The Celica is also fitted with the latest Pioneer Carrozzeria navigation system which has a roof-mounted, flip-down screen onto which directions are projected. So very Japanese!
To get the engine swap working perfectly, the S2000’s instrumentation, entire wiring loom and ECU were carried over from the donor car. The dash cluster is beautifully integrated inside the Celica’s instrument binnacle and even displays the engine’s original mileage.
Having ridden in the car for a while, I have to say I was very impressed by the suppleness and outright comfort of these soft leather seats. They certainly got some things right in the ’80s as modern day seats tend to be on the overly firm side.
There’s plenty of lateral support too, and just a few mechanical adjustments are required to find the perfect seating position.
In the back the rear bench has been re-trimmed with the same leather design.
It doesn’t really matter where you look, the attention to detail and quality of execution is evident right throughout this build.
It’s an inspiring thing to see too. In a market where domestic manufacturers have cut down on providing fun and exciting cars for the masses, this is what enthusiasts are starting to do.

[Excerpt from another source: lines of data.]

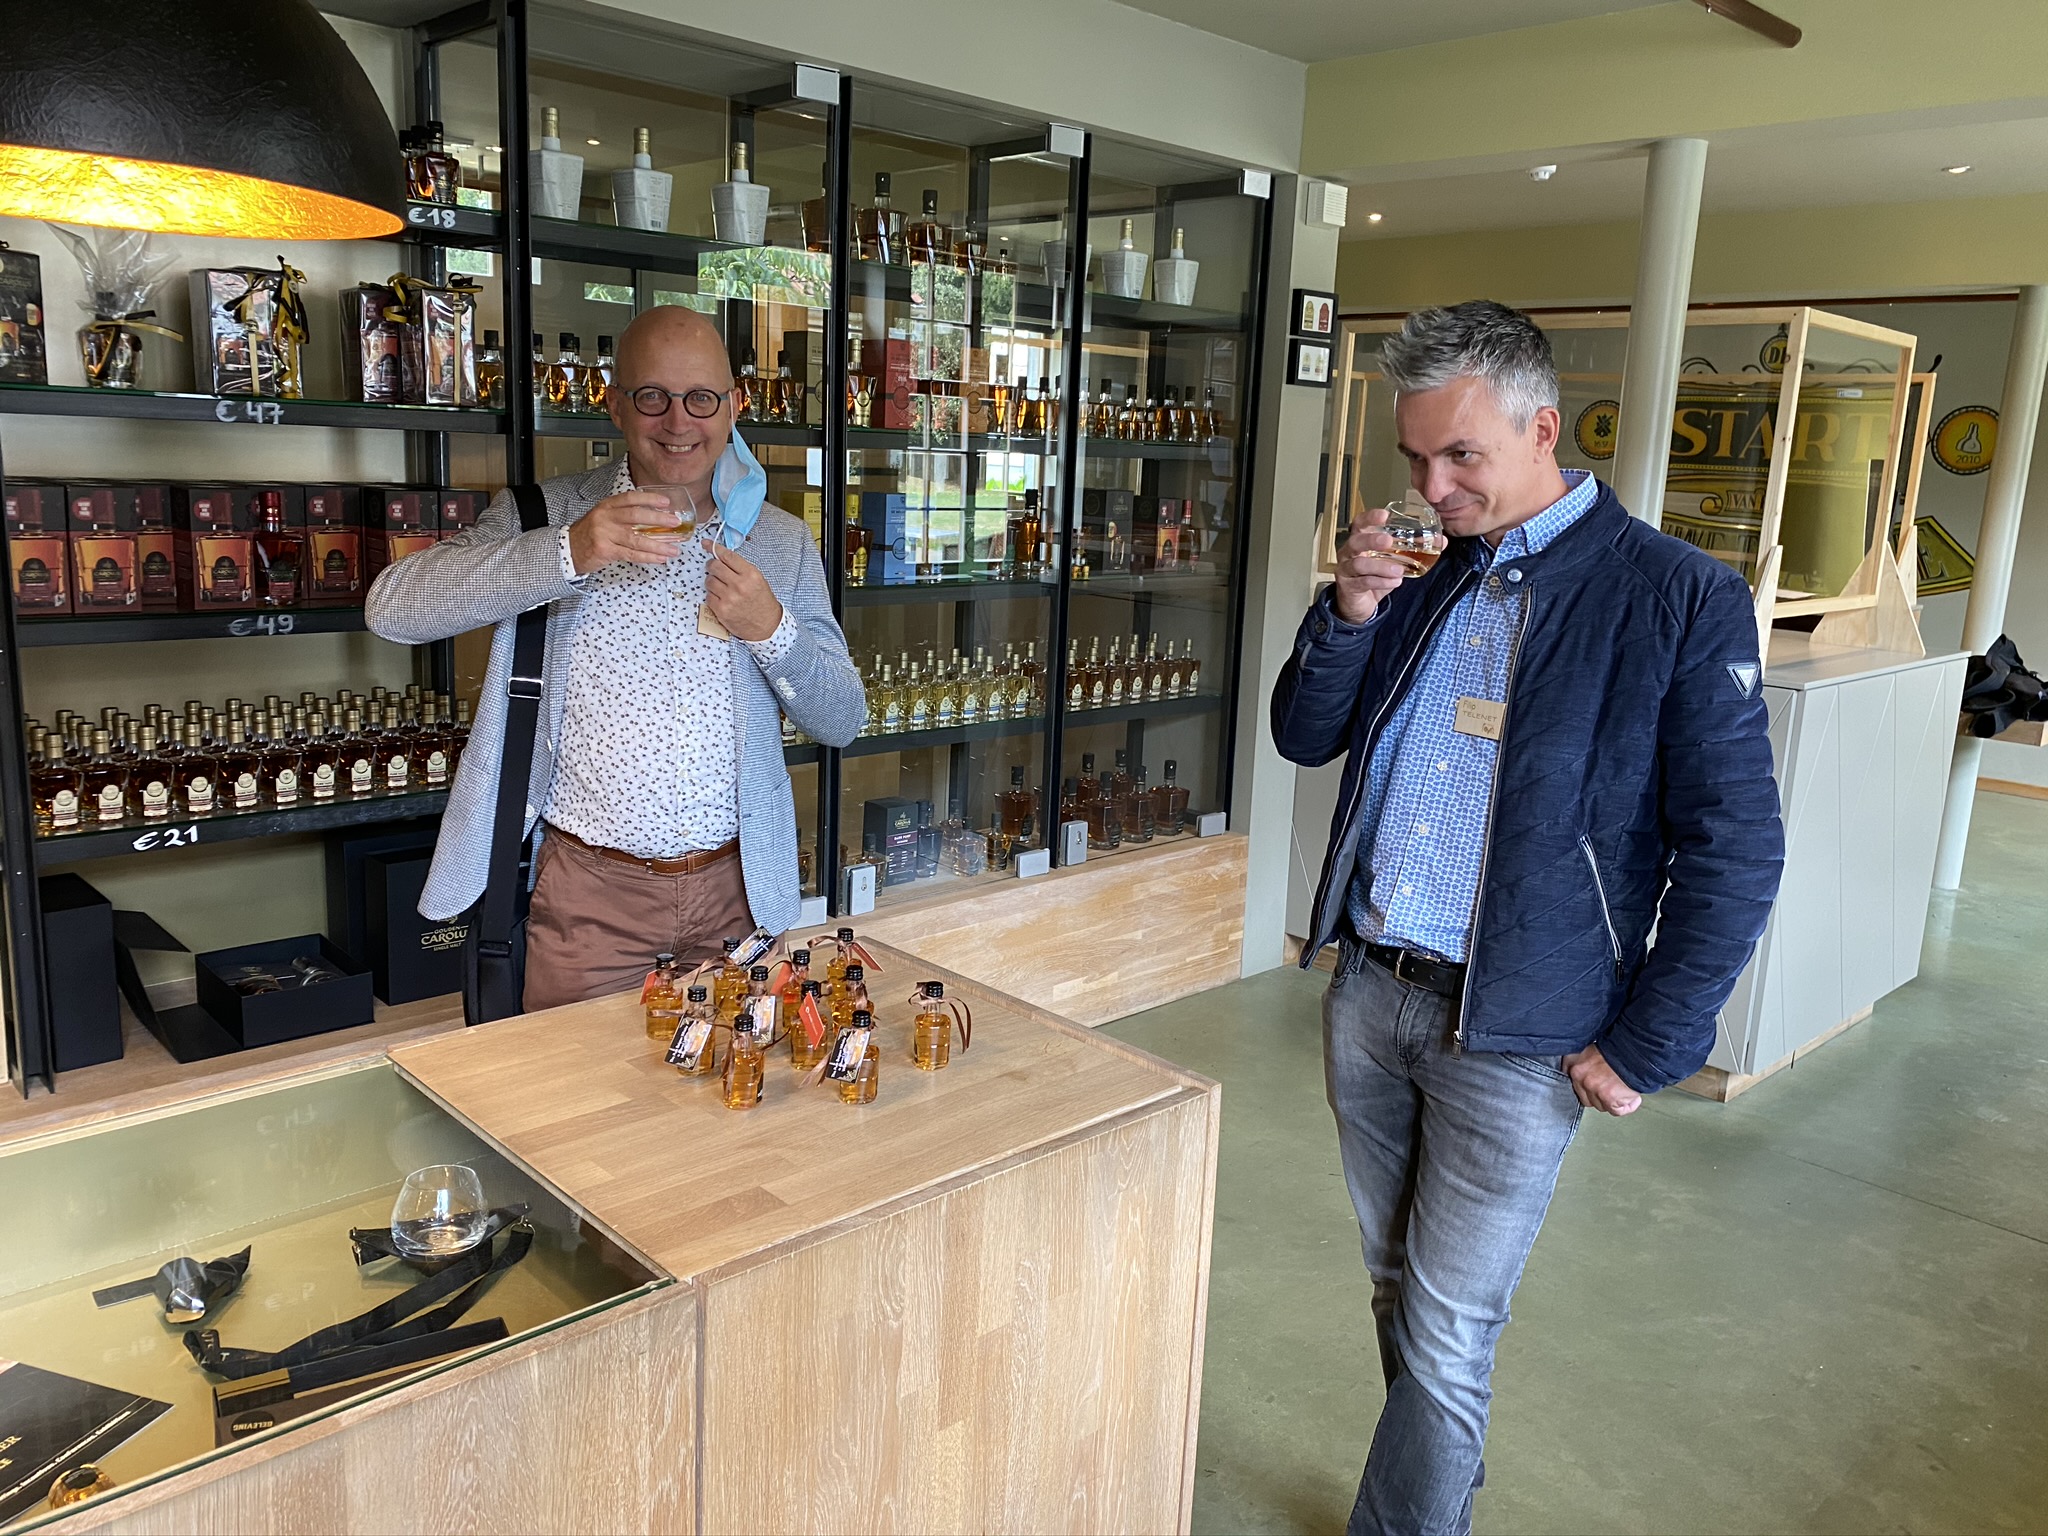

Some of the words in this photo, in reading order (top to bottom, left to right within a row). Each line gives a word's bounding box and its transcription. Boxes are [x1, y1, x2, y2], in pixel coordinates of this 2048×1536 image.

[408, 207, 457, 229] €18
[1956, 454, 1981, 465] 2010
[1462, 710, 1498, 723] TELENET
[132, 825, 199, 851] €21
[421, 929, 468, 945] CAROLU
[0, 1436, 22, 1452] ER

I seriously hope that what we’ve seen with this Celica is going to become a trend in Japan, as in my opinion it’s where people should be going with their long-term project cars. But what about you – if you had the chance, what kind of car would you choose to resto-mod in a similar way? Would you engine swap it? And what other touches would you add to it, to make it your own?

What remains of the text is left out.